Answer in 1 line: o-Nitrophenol has intramolecular H-bonding (molecules don’t stick), while p-nitrophenol has intermolecular H-bonding (molecules stick together).
Example 3: Salicylic Acid
COOH
/ \
/ \
| |
| OH
\ /··H (intramolecular)
\__/
Intramolecular H-bond between -COOH and -OH groups.
Result: Less acidic than benzoic acid (H-bond stabilizes the molecule, reduces H⁺ donation)
Effects of Hydrogen Bonding
1. Anomalously High Boiling and Melting Points
Compounds with H-bonding have much higher BP than expected!
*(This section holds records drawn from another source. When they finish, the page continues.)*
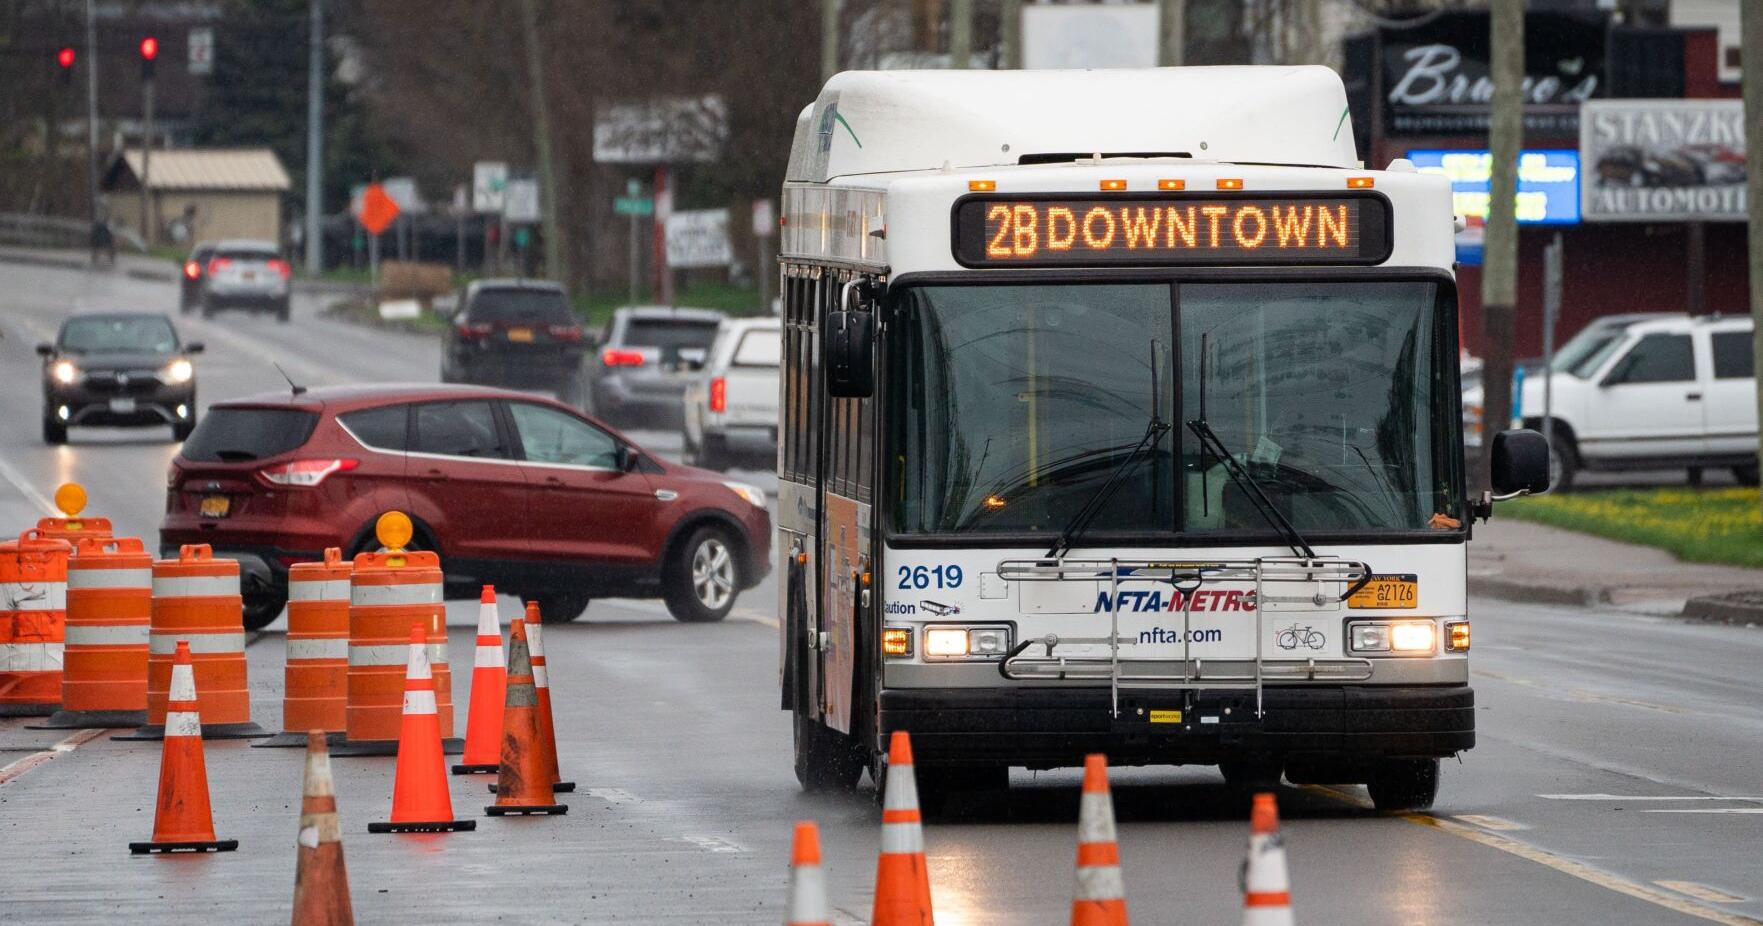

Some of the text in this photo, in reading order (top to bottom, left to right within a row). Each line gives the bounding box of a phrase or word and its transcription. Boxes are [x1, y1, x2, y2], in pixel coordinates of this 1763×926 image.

[986, 205, 1348, 256] 2B DOWNTOWN
[898, 564, 963, 589] 2619
[884, 601, 916, 614] aution
[1140, 627, 1222, 644] nfta.com
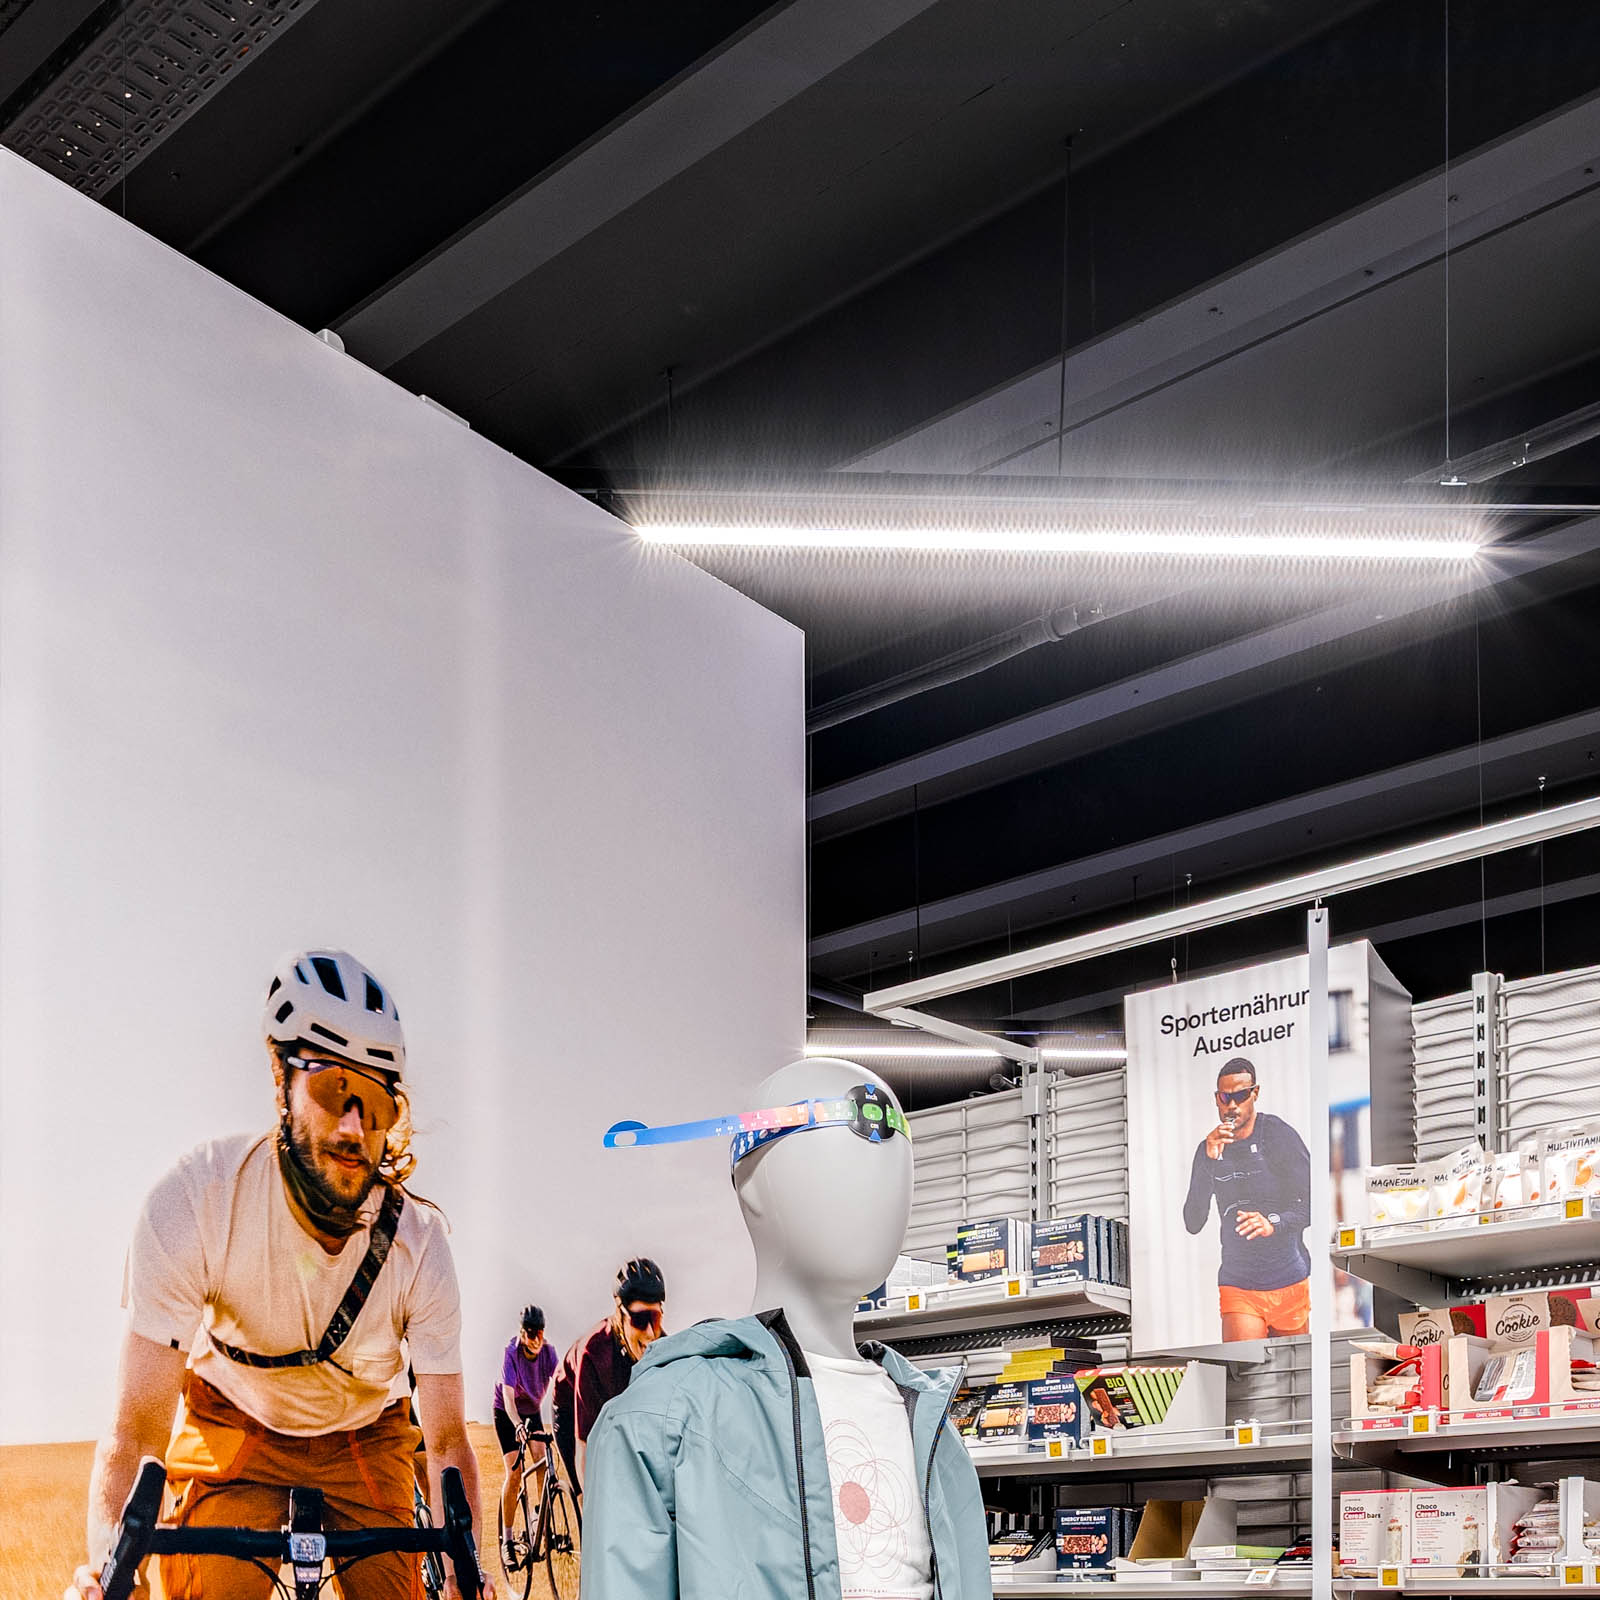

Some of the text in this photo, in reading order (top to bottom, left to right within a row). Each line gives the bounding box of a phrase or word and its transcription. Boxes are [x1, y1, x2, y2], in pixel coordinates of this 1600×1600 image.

[1193, 1018, 1295, 1058] Ausdauer
[1370, 1178, 1419, 1188] MAGNESIUM
[1069, 1222, 1082, 1231] BARS
[1495, 1313, 1541, 1336] Cookie
[1105, 1377, 1125, 1388] BIO
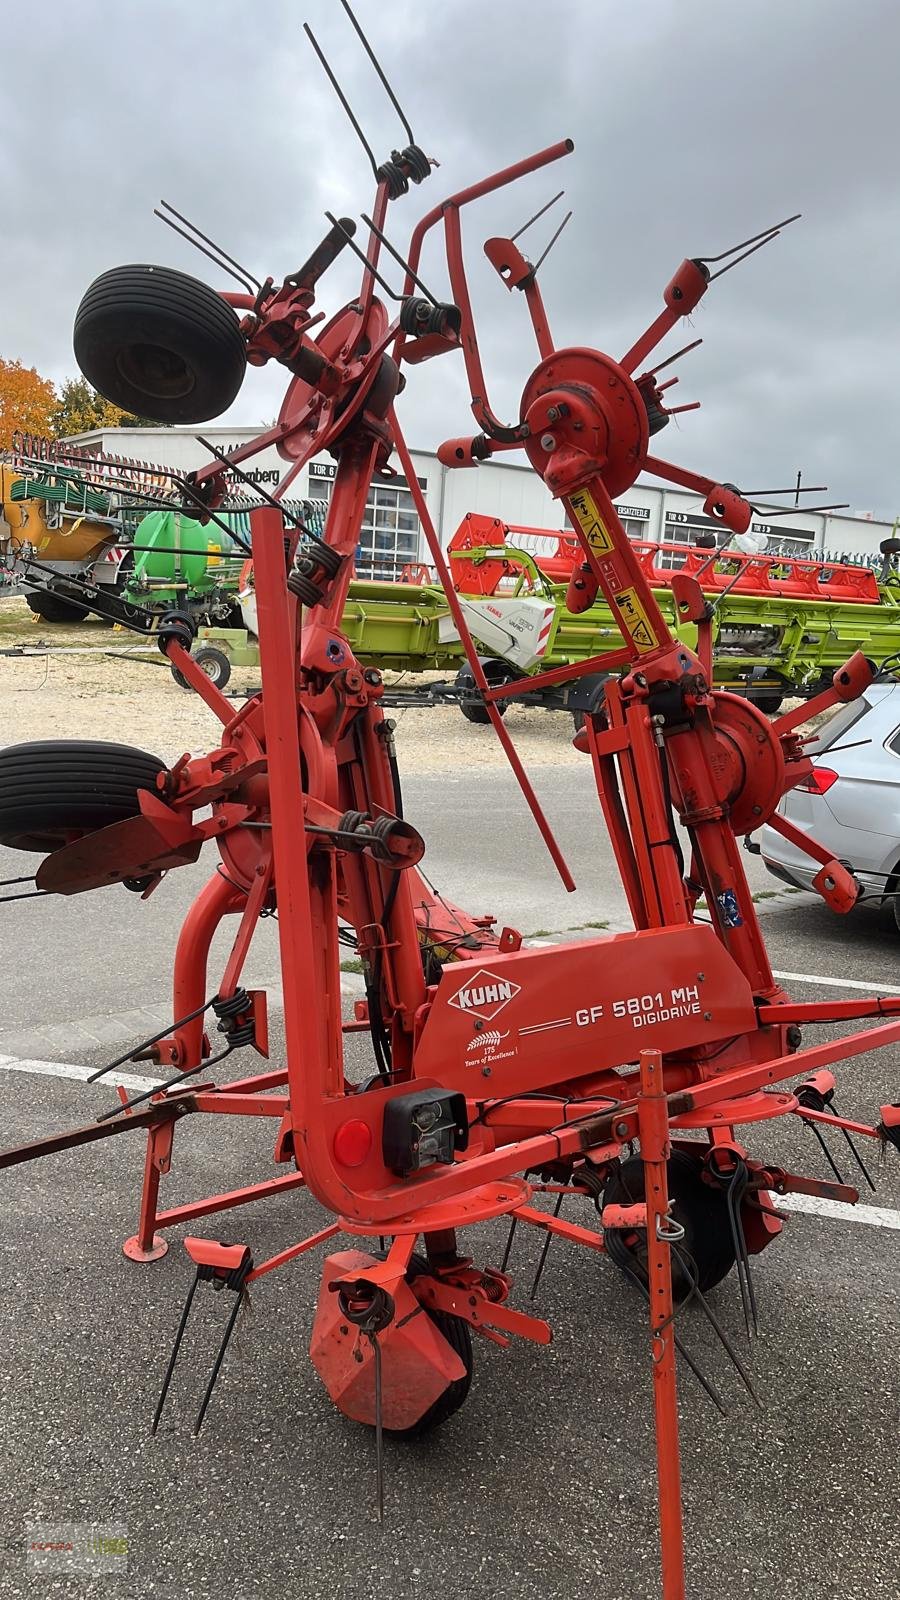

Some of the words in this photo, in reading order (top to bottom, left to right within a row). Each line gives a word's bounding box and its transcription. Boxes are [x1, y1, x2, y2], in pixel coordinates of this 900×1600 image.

Group 16 Hydrides (O, S, Se, Te):
| Compound | Molecular Weight | BP (°C) | H-bonding? |
|---|---|---|---|
| H₂O | 18 | 100 | Yes! |
| H₂S | 34 | -60 | No |
| H₂Se | 81 | -41 | No |
| H₂Te | 130 | -2 | No |
Expected: H₂O should have lowest BP (smallest MW) Reality: H₂O has highest BP due to H-bonding!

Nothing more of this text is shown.